Description of the task
Reproduce the entries in full and exactly. Pictures stay out.

Data supplied
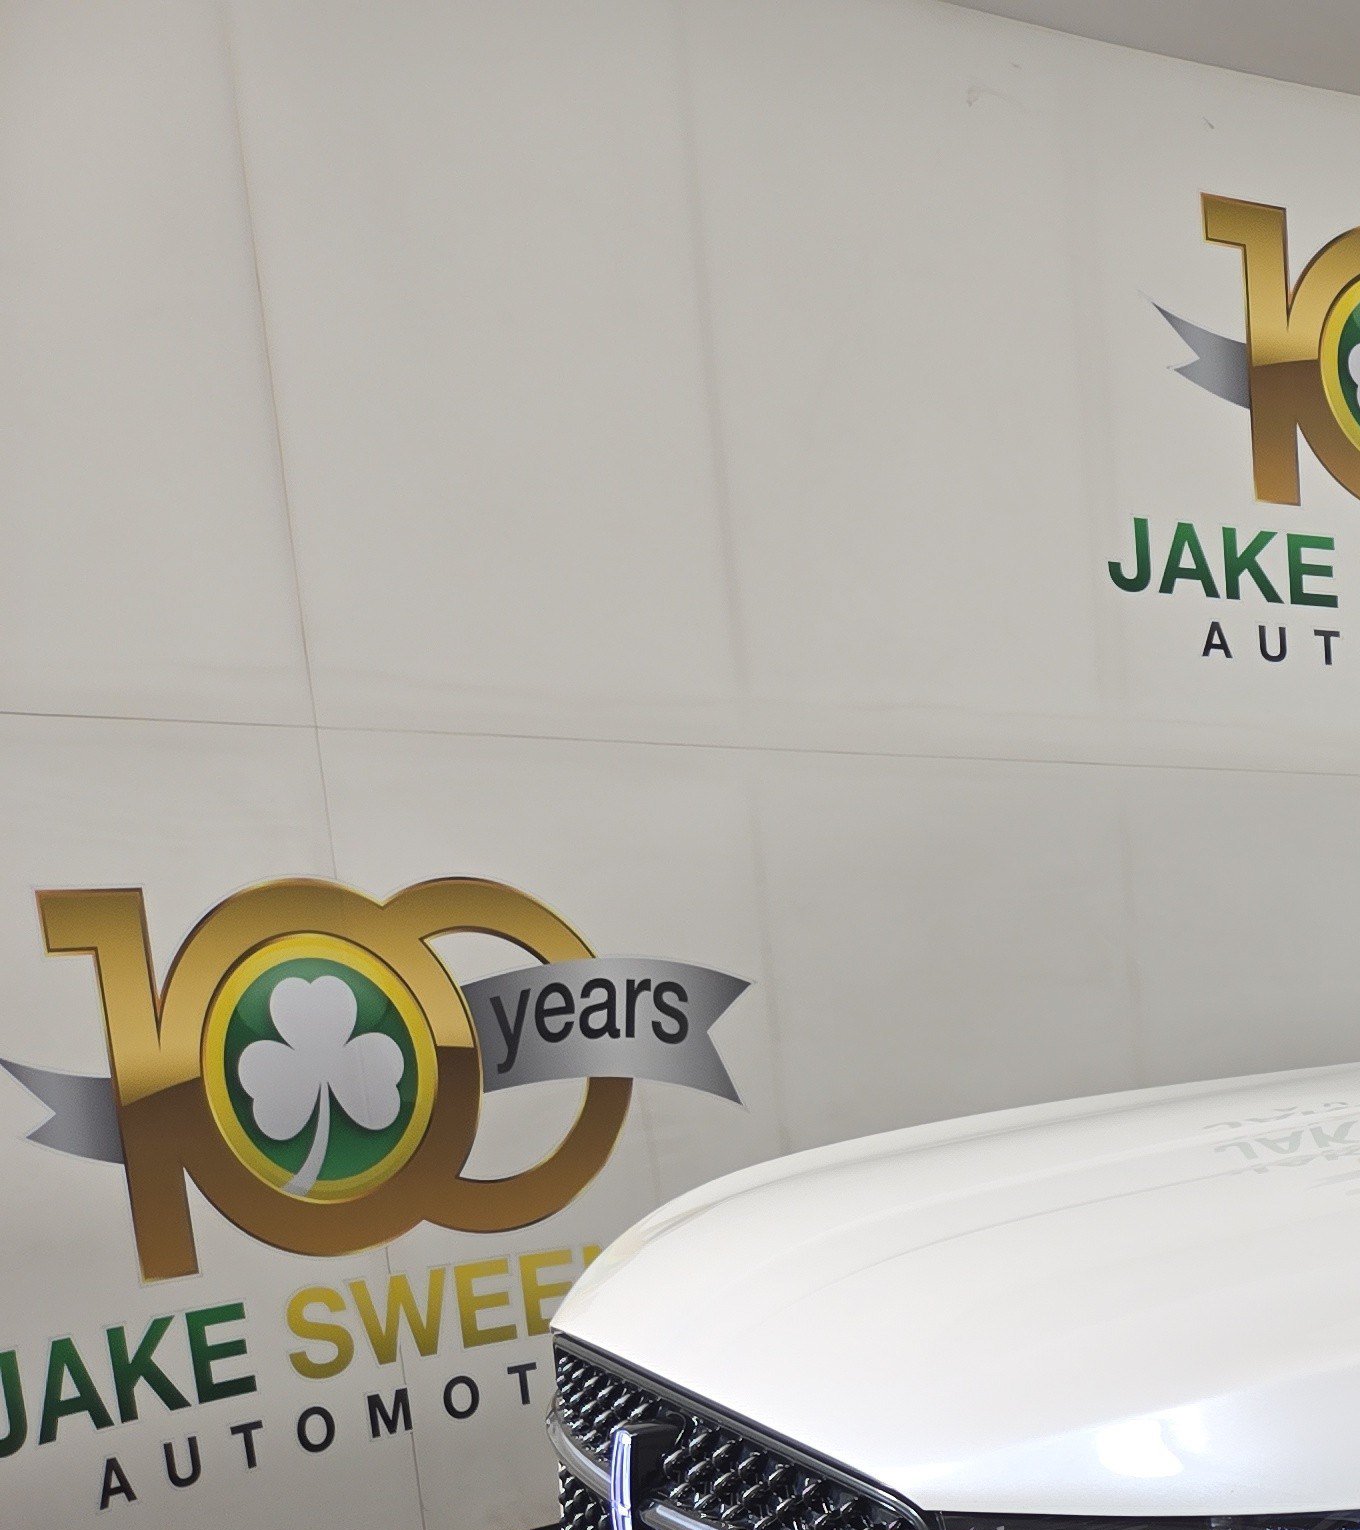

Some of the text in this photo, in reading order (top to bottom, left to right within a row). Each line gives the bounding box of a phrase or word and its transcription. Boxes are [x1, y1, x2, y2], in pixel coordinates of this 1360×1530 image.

[1107, 516, 1340, 609] JAKE
[36, 876, 691, 1283] 100 years
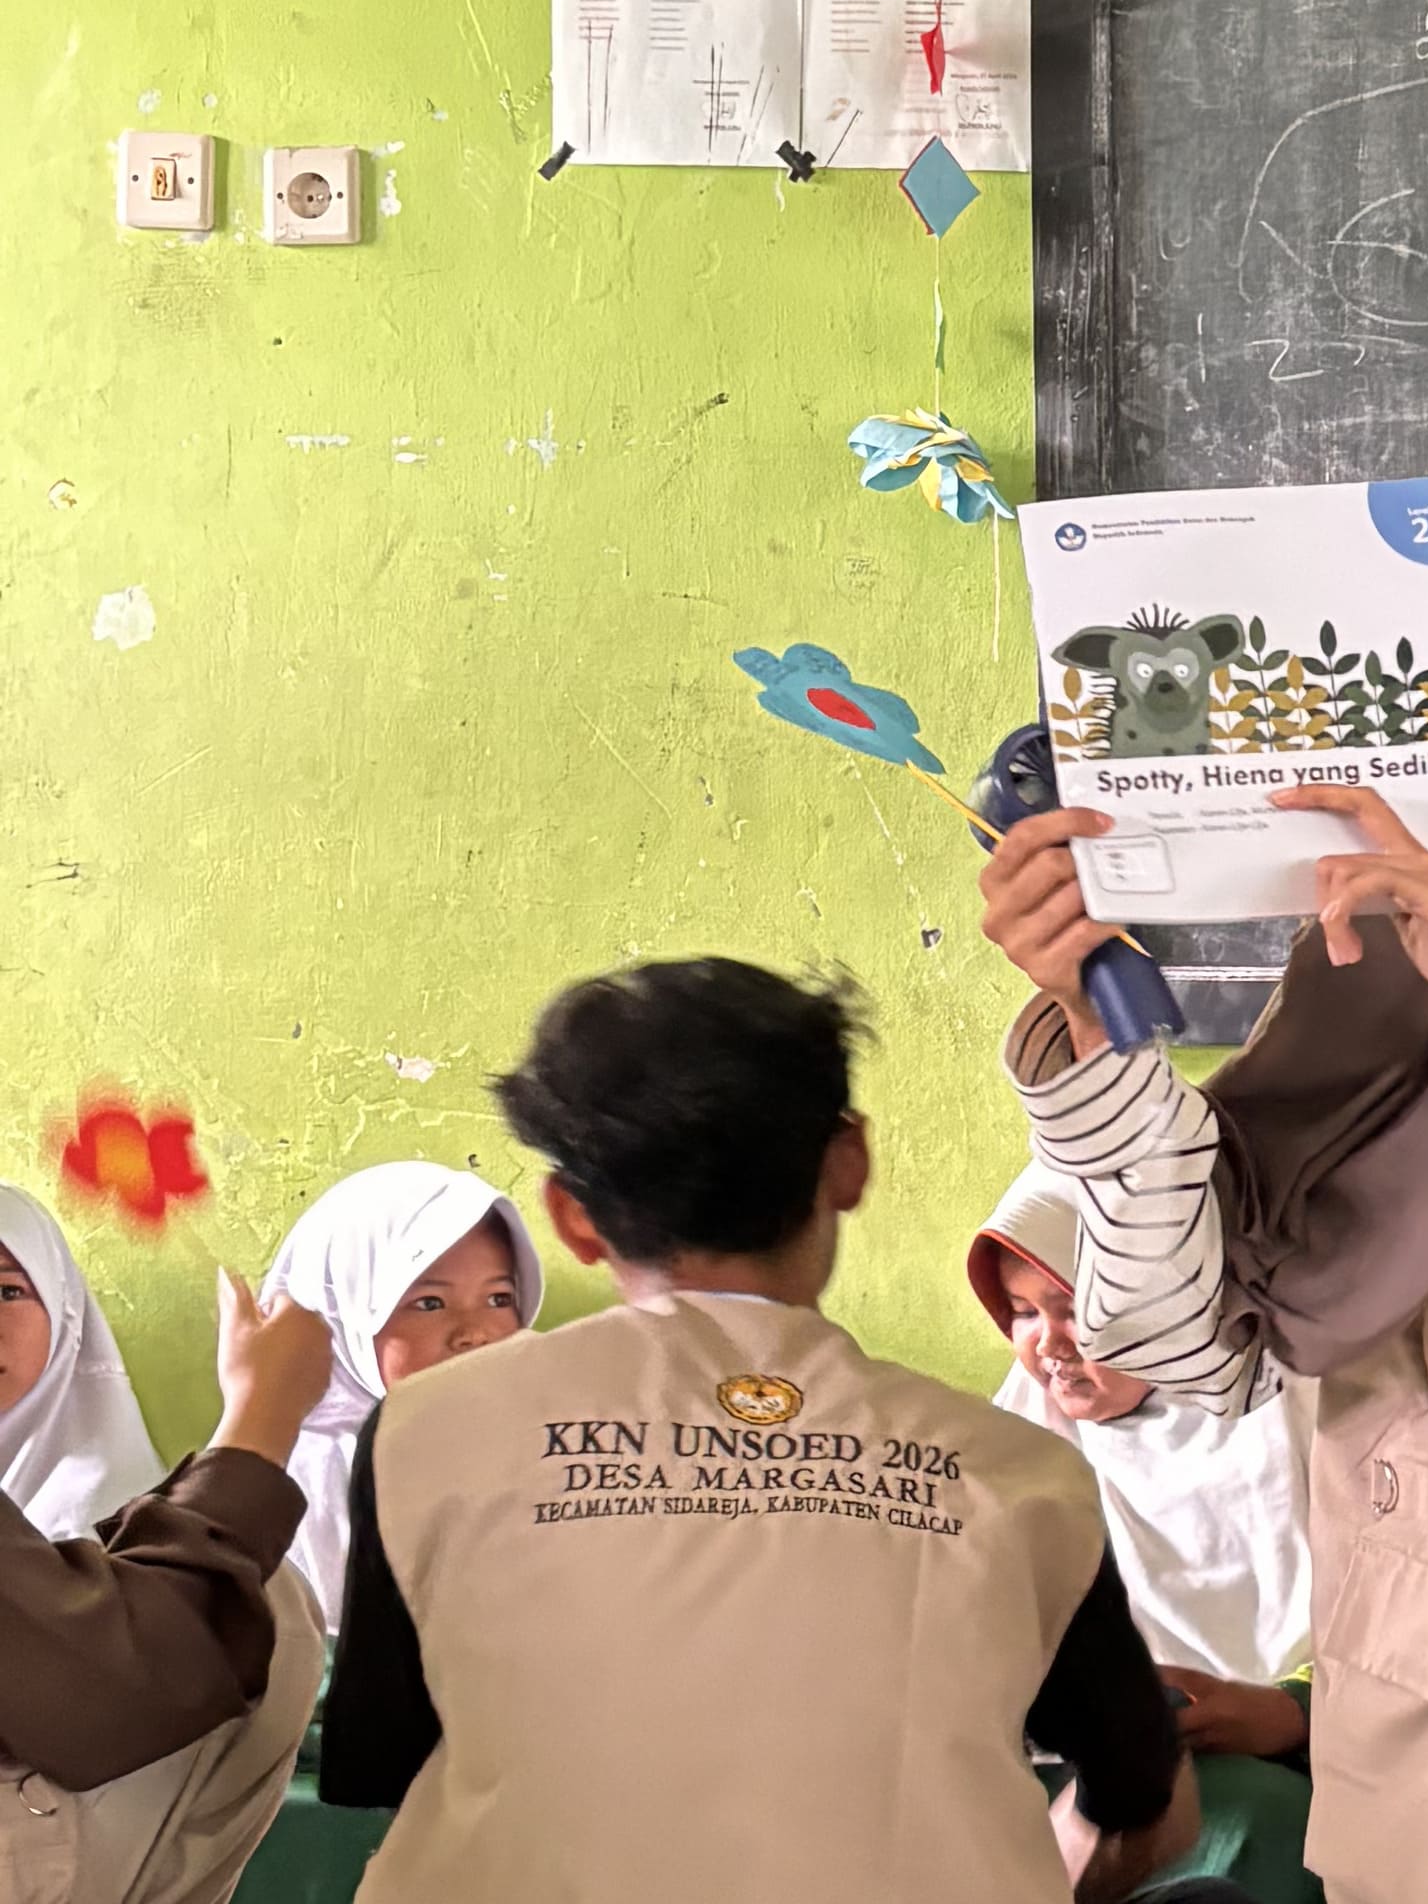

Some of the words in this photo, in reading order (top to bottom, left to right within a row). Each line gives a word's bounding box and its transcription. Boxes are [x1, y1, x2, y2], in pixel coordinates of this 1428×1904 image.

[1096, 769, 1194, 797] Spotty,
[1202, 765, 1284, 788] Hiena
[1293, 762, 1361, 785] yang
[541, 1421, 648, 1459] KKN
[671, 1422, 863, 1465] UNSOED
[882, 1438, 961, 1481] 2026
[563, 1463, 671, 1492] DESA
[692, 1467, 939, 1509] MARGASARI
[533, 1496, 655, 1525] KECAMATAN
[766, 1494, 882, 1522] KABUPATEN
[887, 1510, 964, 1537] CILACAP

Answer box
Some of the text in this photo, in reading order (top to bottom, left to right within a row). Each line gives the bounding box of a phrase or word and its transcription. Boxes are [x1, y1, x2, y2], in pixel coordinates of this 1360×1530 image.

[1107, 516, 1340, 609] JAKE
[36, 876, 691, 1283] 100 years

Some of the words in this photo, in reading order (top to bottom, left to right within a row). Each line gives a word's bounding box and its transcription. Boxes are [x1, y1, x2, y2], in pixel coordinates of this 1428×1904 image.

[1096, 769, 1194, 797] Spotty,
[1202, 765, 1284, 788] Hiena
[1293, 762, 1361, 785] yang
[541, 1421, 648, 1459] KKN
[671, 1422, 863, 1465] UNSOED
[882, 1438, 961, 1481] 2026
[563, 1463, 671, 1492] DESA
[692, 1467, 939, 1509] MARGASARI
[533, 1496, 655, 1525] KECAMATAN
[766, 1494, 882, 1522] KABUPATEN
[887, 1510, 964, 1537] CILACAP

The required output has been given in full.